The word allopathy has two latin roots: it essentially means "to be against suffering". When faced with something wrong, allopathic medicine is rooted in the ideas of cutting it out or drugging it. The holistic health movement grew up to include other holistic practices and the idea of integrated medicine is now in full swing: working with the natural healing processes of the body to create better health and wellness, rather than fighting disease. Very different.
The book "don't think of an elephant" reveals the strength and weakness of the allopathic approach to anything: what I pay attention to tends manifest. When I hear the phrase, I think of an elephant. My mind ignores the "don't".
For example, I've spent a lot of my time, energy, money and brain capacity trying not to be miserable and trying not to fail. This path, as anyone knows who has tried it, is bound to misery and failure.

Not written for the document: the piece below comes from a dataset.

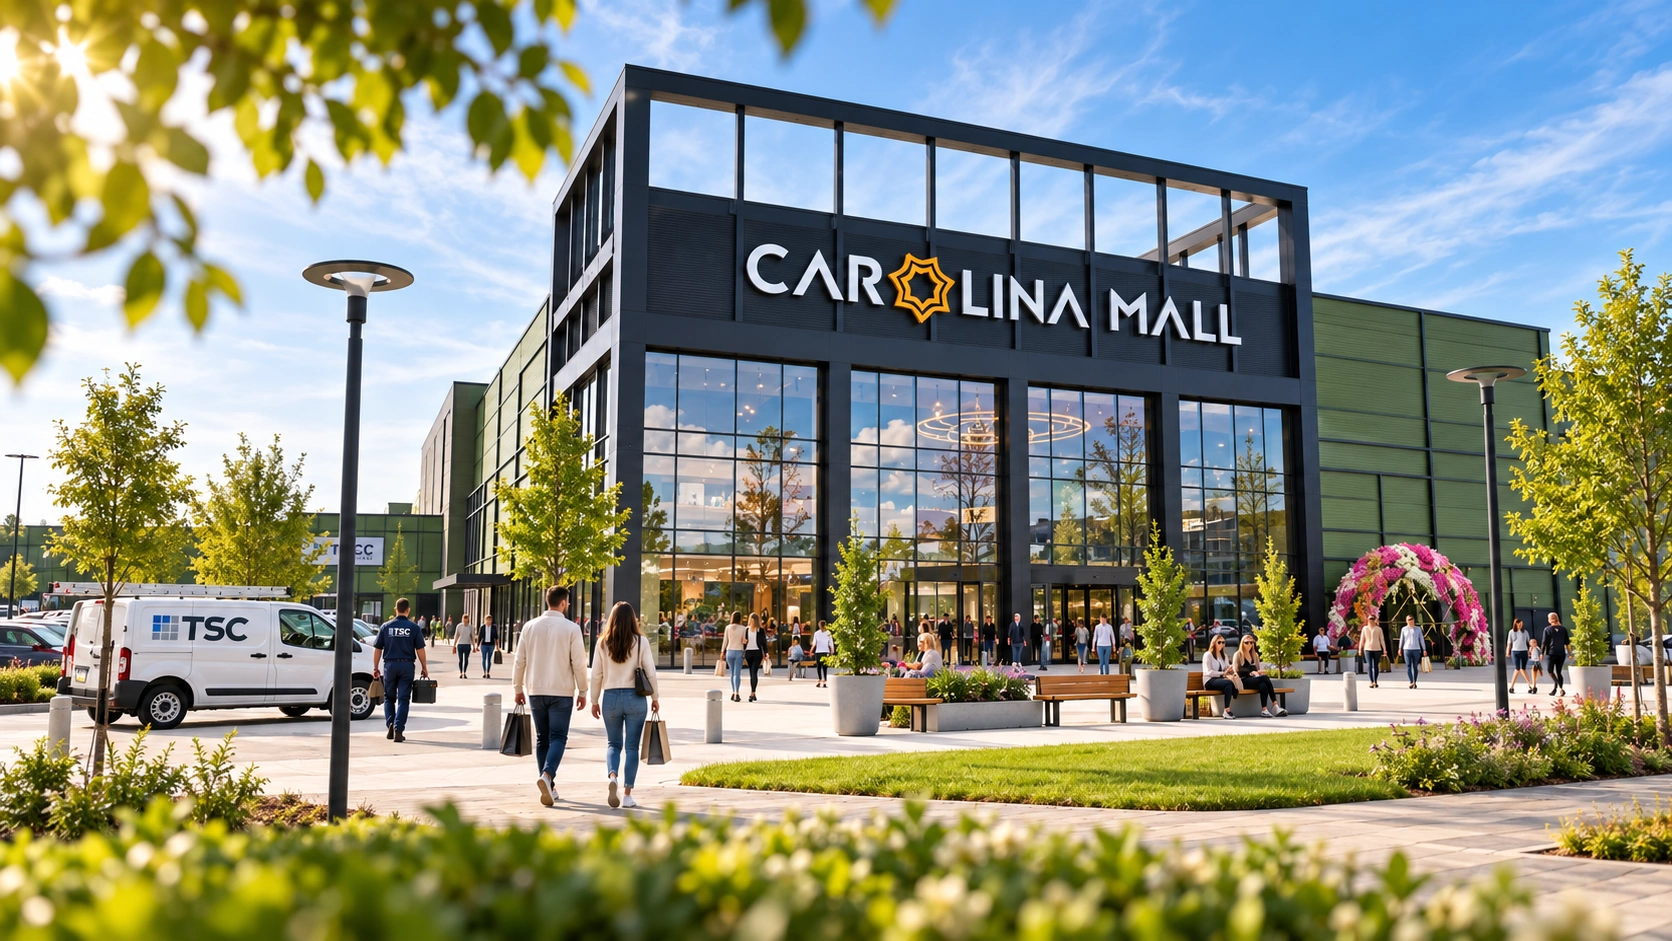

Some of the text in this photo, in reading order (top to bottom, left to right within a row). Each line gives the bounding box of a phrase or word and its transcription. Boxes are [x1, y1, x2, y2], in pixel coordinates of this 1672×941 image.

[1110, 288, 1242, 345] MALL
[182, 616, 249, 641] TSC
[394, 628, 411, 636] TSC
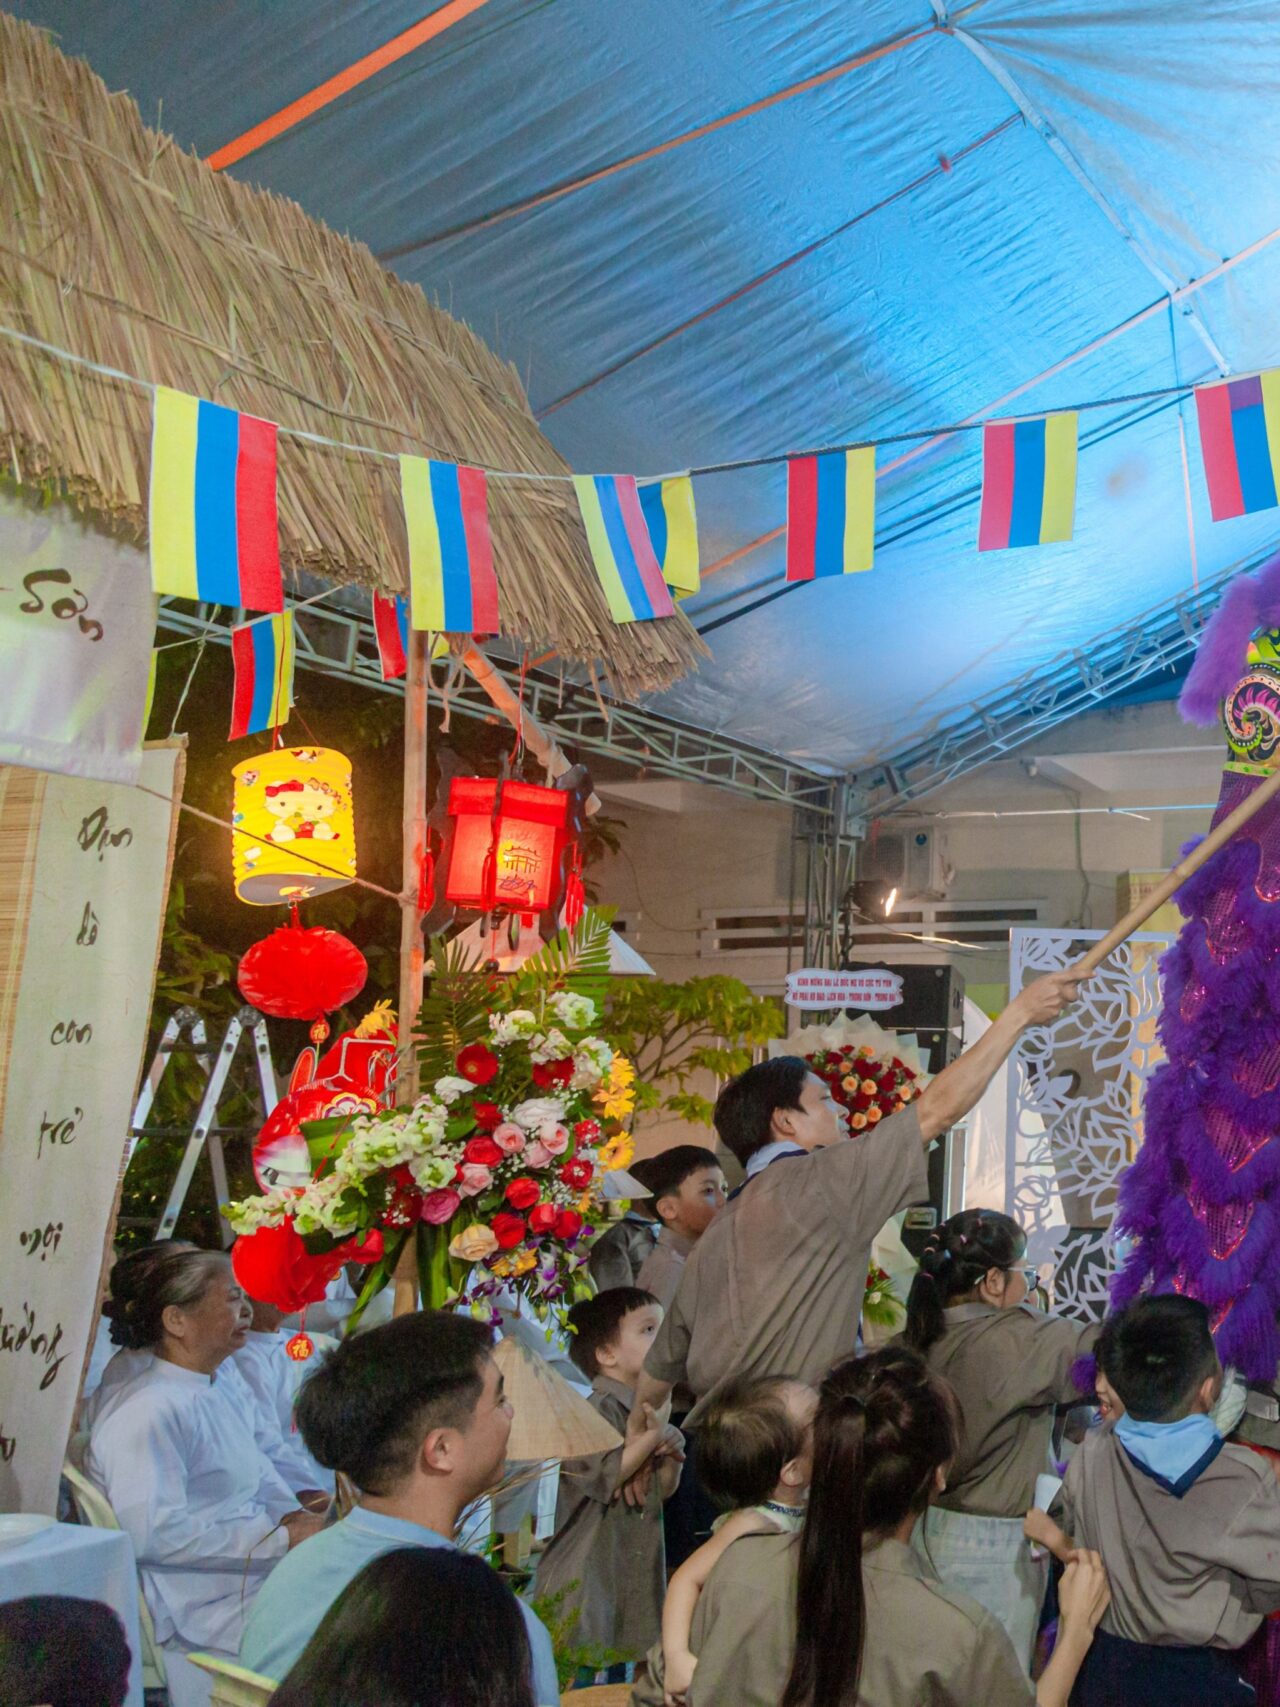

I grew up in the generation of men whose fathers, teachers and employers, in a well-meaning effort to help us improve, thought we needed to know all the things that were wrong with us, as if that knowledge alone was sufficient to help us improve by "correcting our deficiencies". This was the allopathic approach to parenting, teaching and employing: focusing on what's wrong. I'm being careful not to be ironic here and suggest that the allopathic approach is bad. Knowing a deficiency is a useful first step but it's not the only step. Focusing on what's wrong tends to bring me more of what's wrong. The first step in solving a problem is understanding the problem, but as Einstein famously said, a problem is not solved at the level of the problem. Beating someone over the head with their deficiencies does not work. The very question: "what is not working", is not a solution. It only defines the problem. There is something that we all have in us that does work. WE need only use what we have.
The word empathy also has to latin roots: it essentially means "put feeling into something". This kind of thinking is the positive analog to allopathy as it focuses not on what's not there but what is there. The important questions of an empathetic person is: what is working that we have to build on? Allopathy identifies an opportunity and empathy puts a vision in place with the necessary emotion to drive it home.
Spending some of my attention on what's not working is a good start. Spending most of my attention on building on what is working is the only way to finish what I start. It is the path out of misery and failure to higher levels of happiness and success.